## Exercise description
Retype the listing below exactly, pictures removed.

## Supplied records
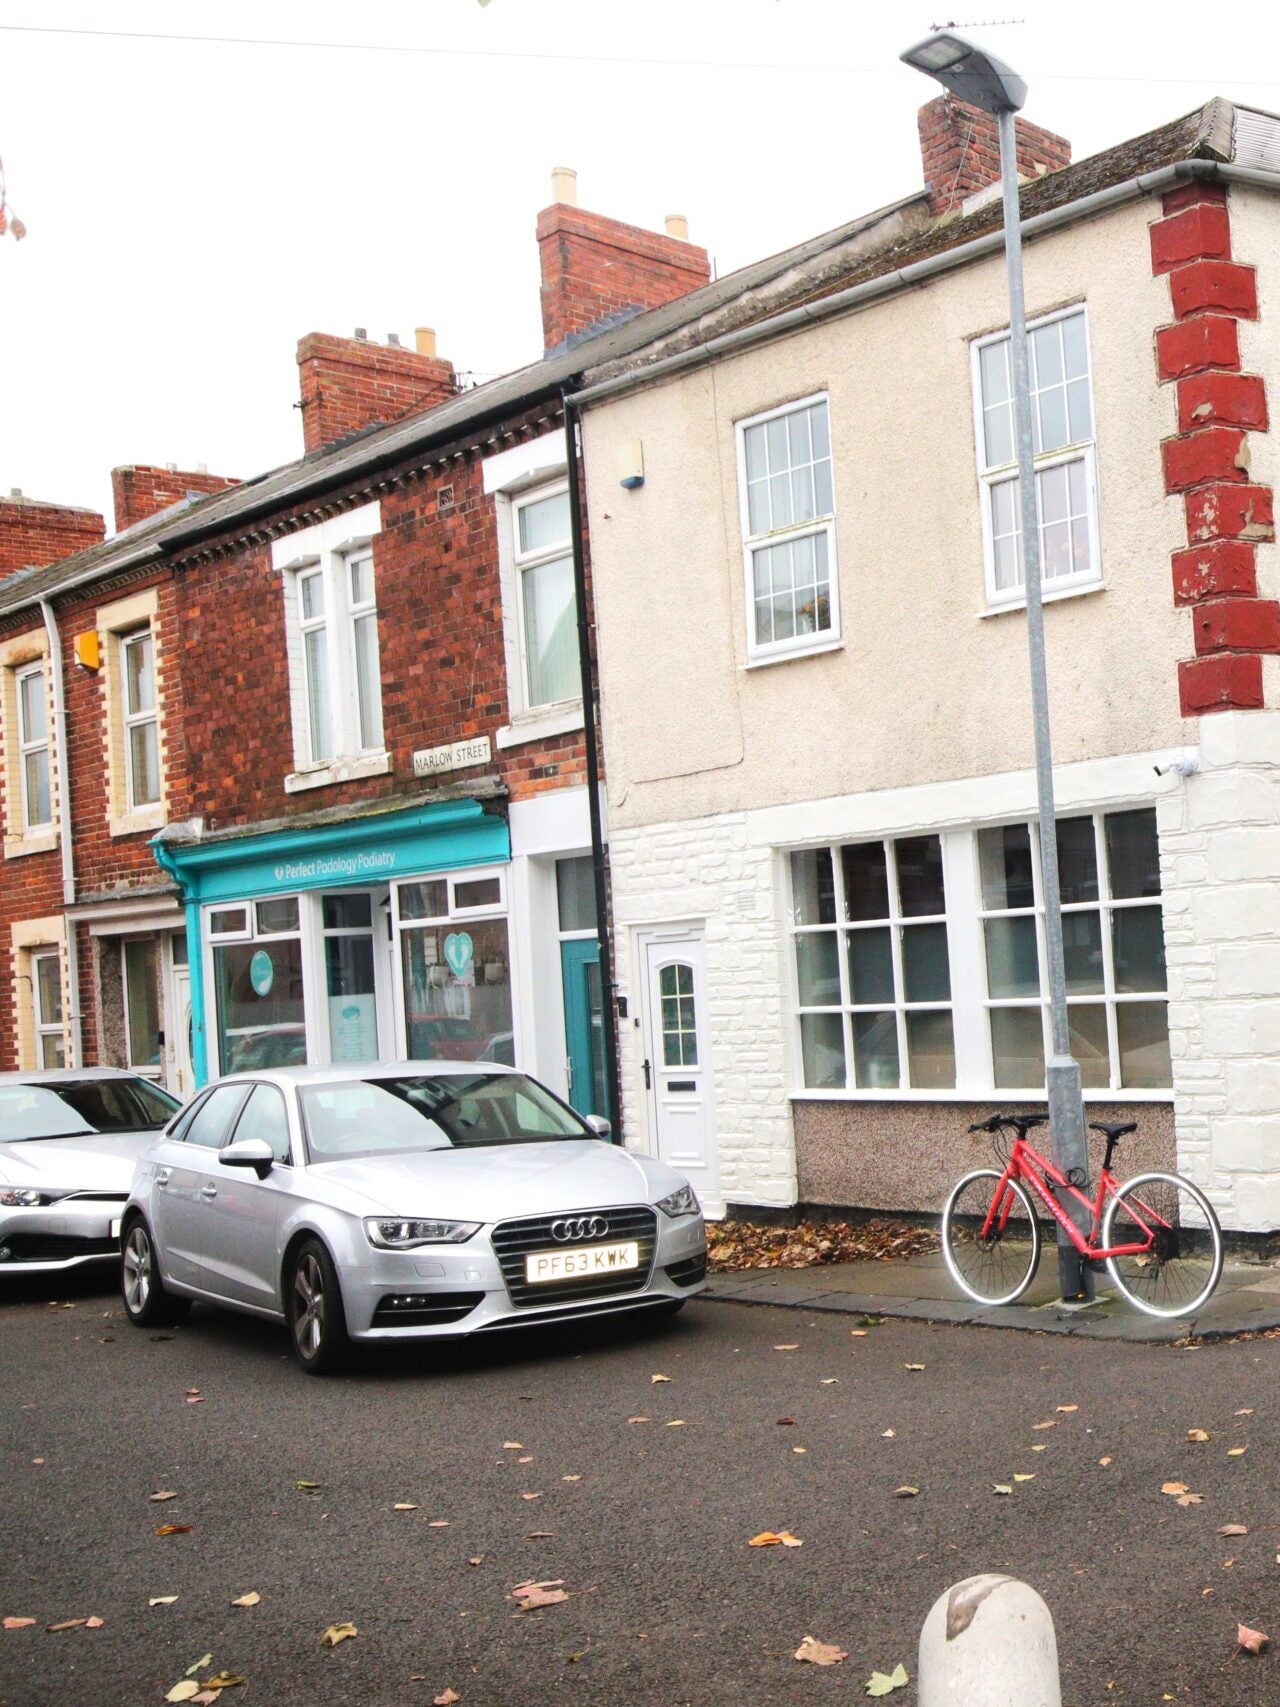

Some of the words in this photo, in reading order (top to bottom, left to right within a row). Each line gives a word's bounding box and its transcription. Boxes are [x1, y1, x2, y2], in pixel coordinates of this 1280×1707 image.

[414, 750, 453, 771] MARLOW
[457, 743, 489, 761] STREET
[285, 862, 316, 879] Perfect
[316, 857, 358, 874] Podology
[358, 851, 396, 868] Podiatry
[537, 1253, 588, 1276] PF63
[594, 1248, 629, 1268] KWK
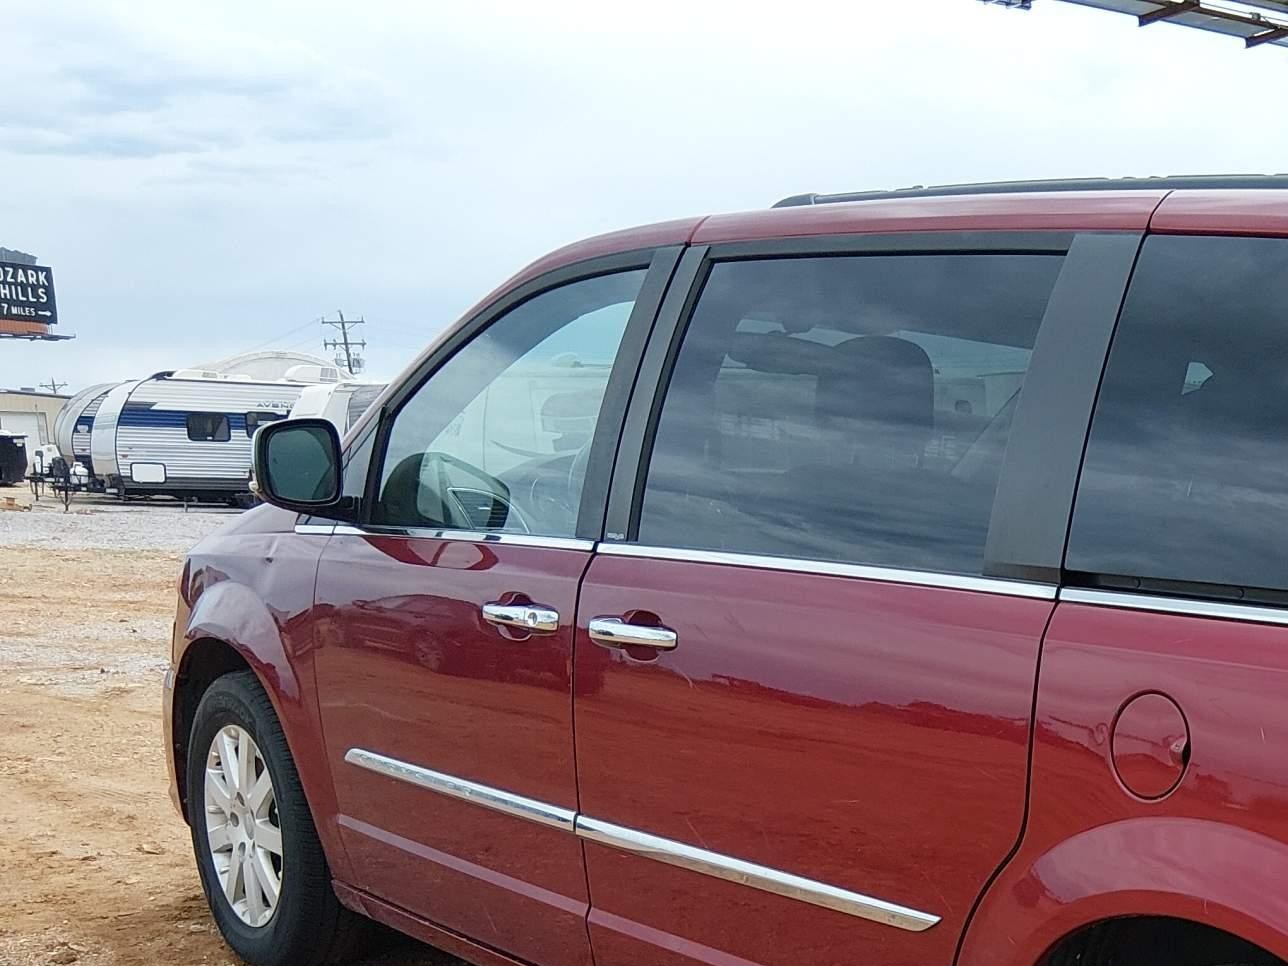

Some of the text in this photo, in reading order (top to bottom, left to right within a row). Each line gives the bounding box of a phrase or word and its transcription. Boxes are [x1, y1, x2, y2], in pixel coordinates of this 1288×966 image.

[0, 284, 47, 302] HILLS
[1, 303, 36, 316] 7 MILES
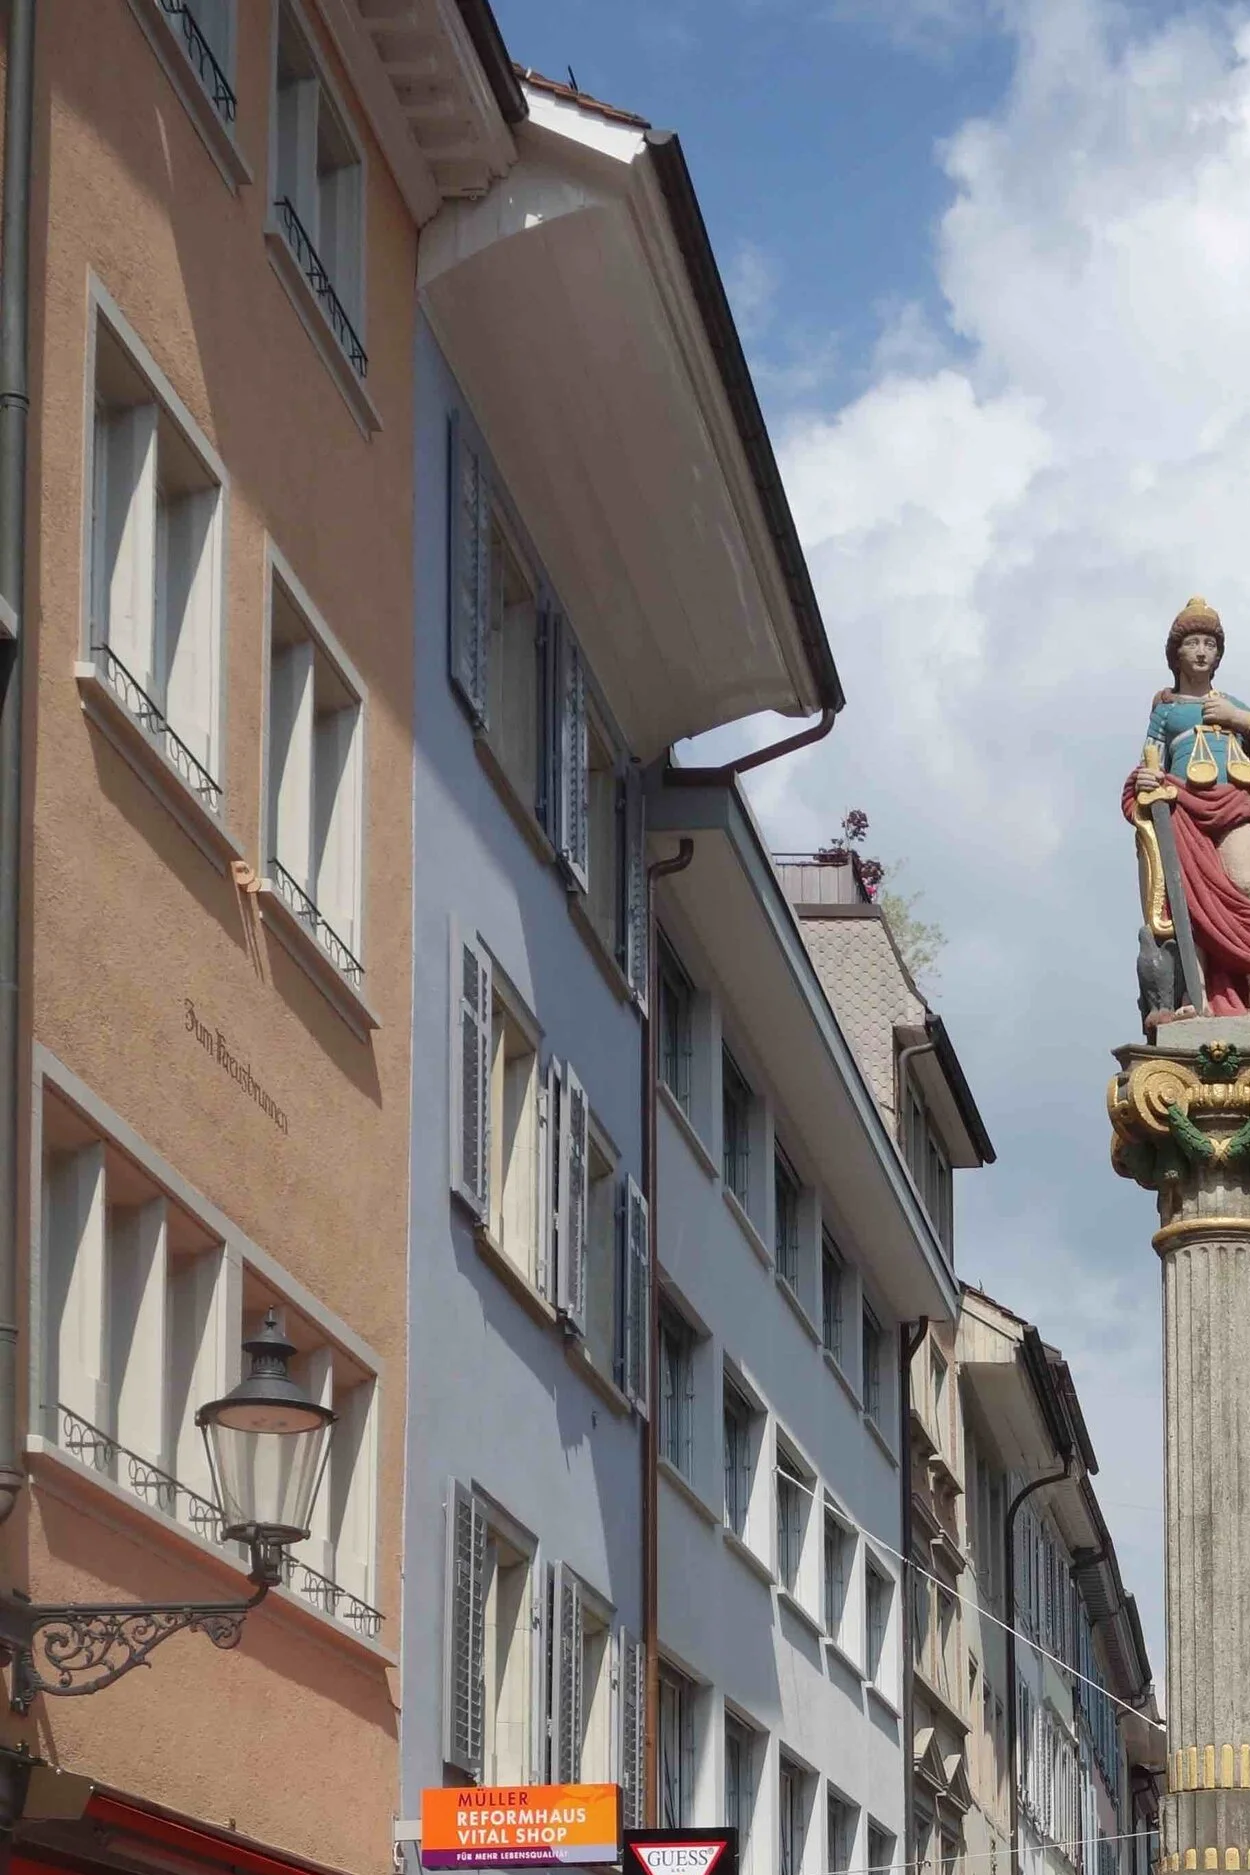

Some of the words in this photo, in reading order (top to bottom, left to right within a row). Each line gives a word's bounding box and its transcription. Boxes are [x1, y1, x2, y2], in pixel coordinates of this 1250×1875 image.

[184, 998, 214, 1056] Zum
[458, 1788, 529, 1807] MÜLLER
[457, 1808, 587, 1827] REFORMHAUS
[457, 1829, 509, 1845] VITAL
[515, 1827, 568, 1844] SHOP
[456, 1851, 473, 1861] FÜR
[475, 1851, 498, 1861] MEHR
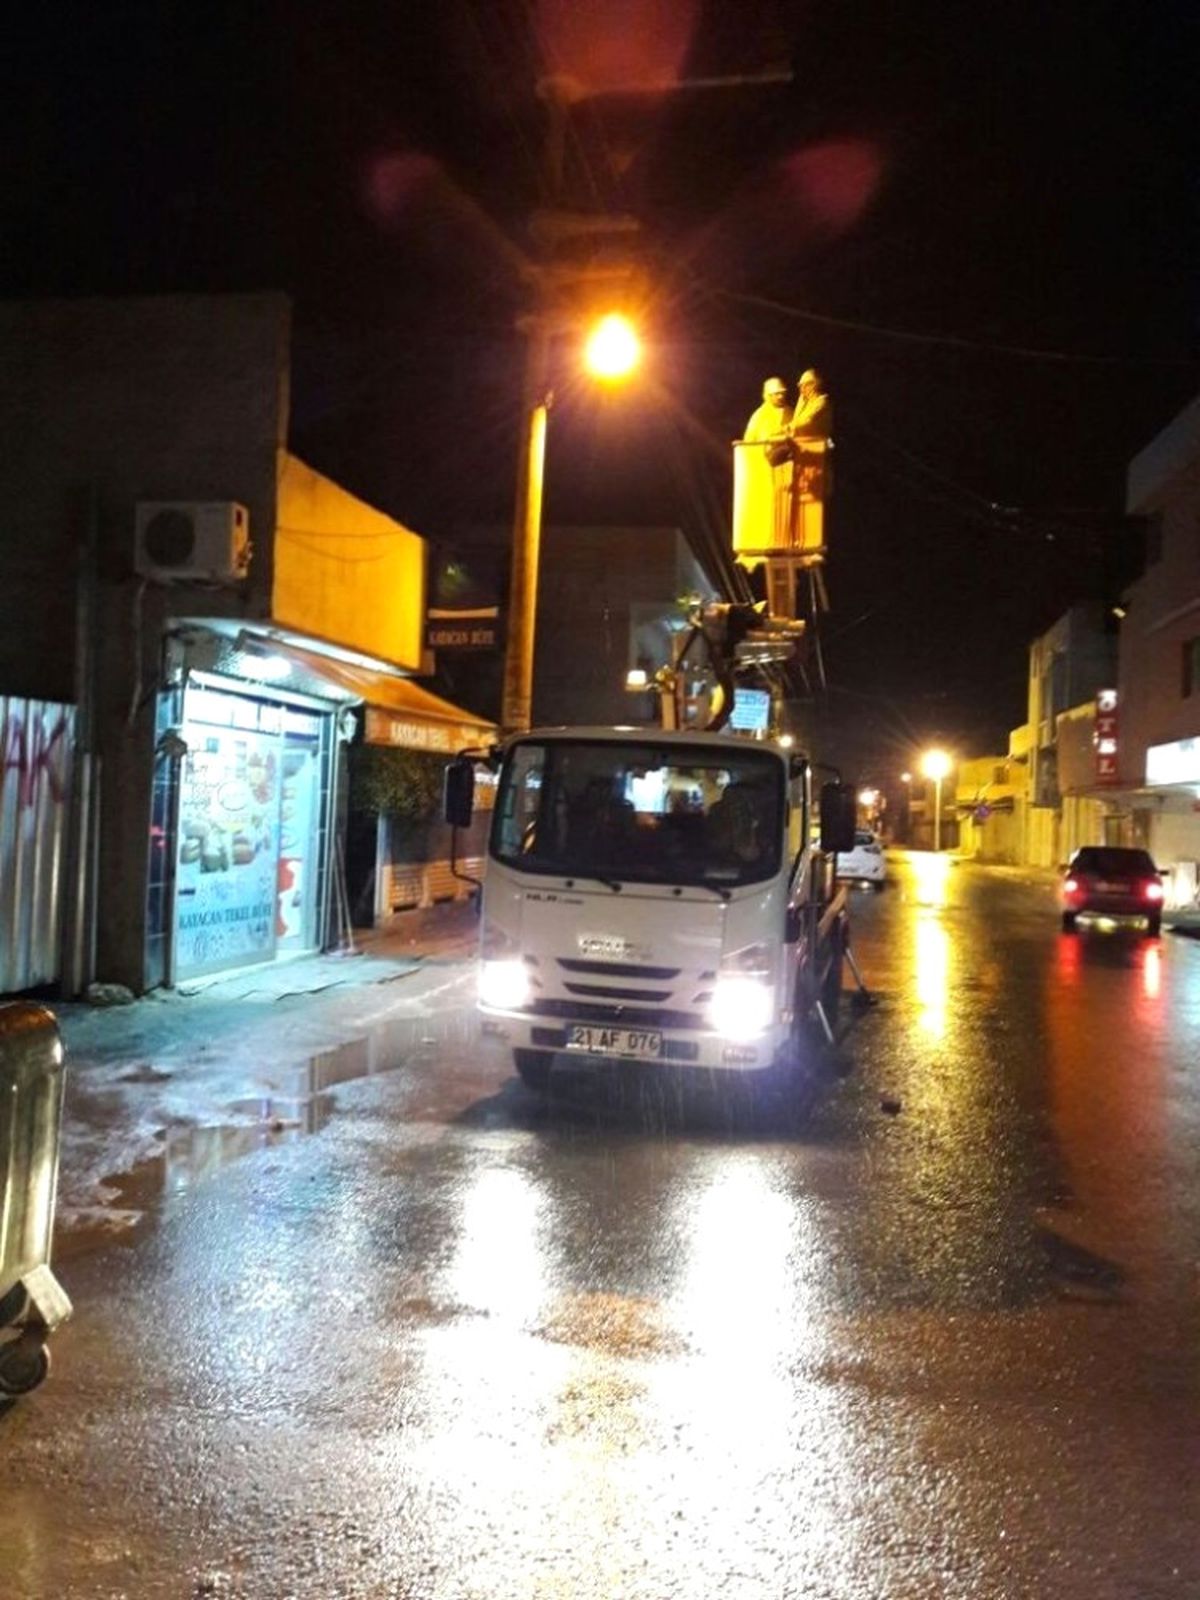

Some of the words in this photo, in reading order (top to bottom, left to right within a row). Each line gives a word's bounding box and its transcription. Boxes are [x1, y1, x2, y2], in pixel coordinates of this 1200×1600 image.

[575, 1027, 592, 1045] 21
[599, 1029, 621, 1047] AF
[628, 1032, 659, 1051] 076

## Response area
Some of the words in this photo, in reading order (top to bottom, left to right within a row). Each line gives a word's bounding box and its transcription. Boxes are [x1, y1, x2, y2], in pixel coordinates of this 1280×1707 image.

[414, 750, 453, 771] MARLOW
[457, 743, 489, 761] STREET
[285, 862, 316, 879] Perfect
[316, 857, 358, 874] Podology
[358, 851, 396, 868] Podiatry
[537, 1253, 588, 1276] PF63
[594, 1248, 629, 1268] KWK

Some of the text in this photo, in reading order (top to bottom, left to right within a row). Each line gives the bounding box of a phrase or word and its transcription. Boxes are [x1, y1, x2, y2], in pixel coordinates of this 1288×966 image.

[0, 284, 47, 302] HILLS
[1, 303, 36, 316] 7 MILES

Some of the words in this photo, in reading order (top to bottom, left to right within a row). Each line gives a word's bounding box and its transcription. Boxes are [x1, y1, x2, y2], in pixel coordinates of this 1250×1875 image.

[184, 998, 214, 1056] Zum
[458, 1788, 529, 1807] MÜLLER
[457, 1808, 587, 1827] REFORMHAUS
[457, 1829, 509, 1845] VITAL
[515, 1827, 568, 1844] SHOP
[456, 1851, 473, 1861] FÜR
[475, 1851, 498, 1861] MEHR

Some of the words in this photo, in reading order (top to bottom, left to right within a row). Each line gives a word's bounding box and its transcription. Boxes are [x1, y1, x2, y2], in pixel coordinates of this 1200×1600 image.

[575, 1027, 592, 1045] 21
[599, 1029, 621, 1047] AF
[628, 1032, 659, 1051] 076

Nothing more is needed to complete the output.